Are you satisfied, Chas? Thanks. So, yeah, so four different tools
all published in the last four years and the basic notion is that it
will generate constraints that look an awful lot like string
manipulating code that will look like C#, and we'll pass them to sort
of any of these tools to have roughly equivalent put languages, sort of
sufficiently similar to be engineering feasible. And we'll get out
some answer. So where previously we got out a response that says X
should be 5, now we get a response that says string variable A should
get concrete string value A/B.
So very briefly I've shown a very short example constraint. Talked
about different solvers, and what the shape of a solution looks like.

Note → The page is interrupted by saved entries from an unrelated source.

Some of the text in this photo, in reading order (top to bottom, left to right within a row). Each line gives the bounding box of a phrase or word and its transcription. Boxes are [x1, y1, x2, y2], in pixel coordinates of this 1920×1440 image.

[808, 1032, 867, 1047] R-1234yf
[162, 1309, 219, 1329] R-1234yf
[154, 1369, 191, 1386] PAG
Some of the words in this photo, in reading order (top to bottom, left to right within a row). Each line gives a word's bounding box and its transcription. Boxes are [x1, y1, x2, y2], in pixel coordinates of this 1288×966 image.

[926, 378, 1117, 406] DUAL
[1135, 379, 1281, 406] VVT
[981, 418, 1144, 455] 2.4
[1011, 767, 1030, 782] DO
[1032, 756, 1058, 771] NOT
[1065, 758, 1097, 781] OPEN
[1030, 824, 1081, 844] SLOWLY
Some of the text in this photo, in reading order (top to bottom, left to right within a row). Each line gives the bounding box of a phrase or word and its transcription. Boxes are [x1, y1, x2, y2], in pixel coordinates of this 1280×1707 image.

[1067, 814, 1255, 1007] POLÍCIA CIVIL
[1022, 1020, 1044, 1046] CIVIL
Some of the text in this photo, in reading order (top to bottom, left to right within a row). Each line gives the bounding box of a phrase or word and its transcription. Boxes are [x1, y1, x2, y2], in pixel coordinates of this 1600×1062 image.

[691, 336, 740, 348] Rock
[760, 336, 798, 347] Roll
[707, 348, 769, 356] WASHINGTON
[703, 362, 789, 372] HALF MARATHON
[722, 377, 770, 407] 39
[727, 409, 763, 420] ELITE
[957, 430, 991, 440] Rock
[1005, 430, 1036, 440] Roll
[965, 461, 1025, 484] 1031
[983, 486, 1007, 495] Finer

So an assignment to string variables. But what that doesn't tell you
is sort of where the constraints come from. So I've already touched on
this, but the basic notion is that we'll sort of punt on this.
So we'll say stuff like you can use standard techniques to generate
constraints that include string operations like in this example, let's
say, symbolic execution. So if I want to exercise the if statement in
this code, I can generate a constraint system that instead of branching
on R dot IS match of A asserts that that's true and I can solve those
constraints and find inputs that exercise this path through the code.
But, in general, we separate constraint generation as a problem from
constraint solving. And this is sort of common to all of the tools and
presentations that I've shown, and we'll focus at least for purposes of
this talk on constraint solving.
So we'll assume there is a reasonable way to generate string
constraints without really going into the details of how to better
generate constraints for strings.
In practice, we evaluate whether our assumptions about string
constraint solving or our assumptions about string manipulating code
are correct empirically. So we'll use standard techniques and see if
we can solve the constraints that result.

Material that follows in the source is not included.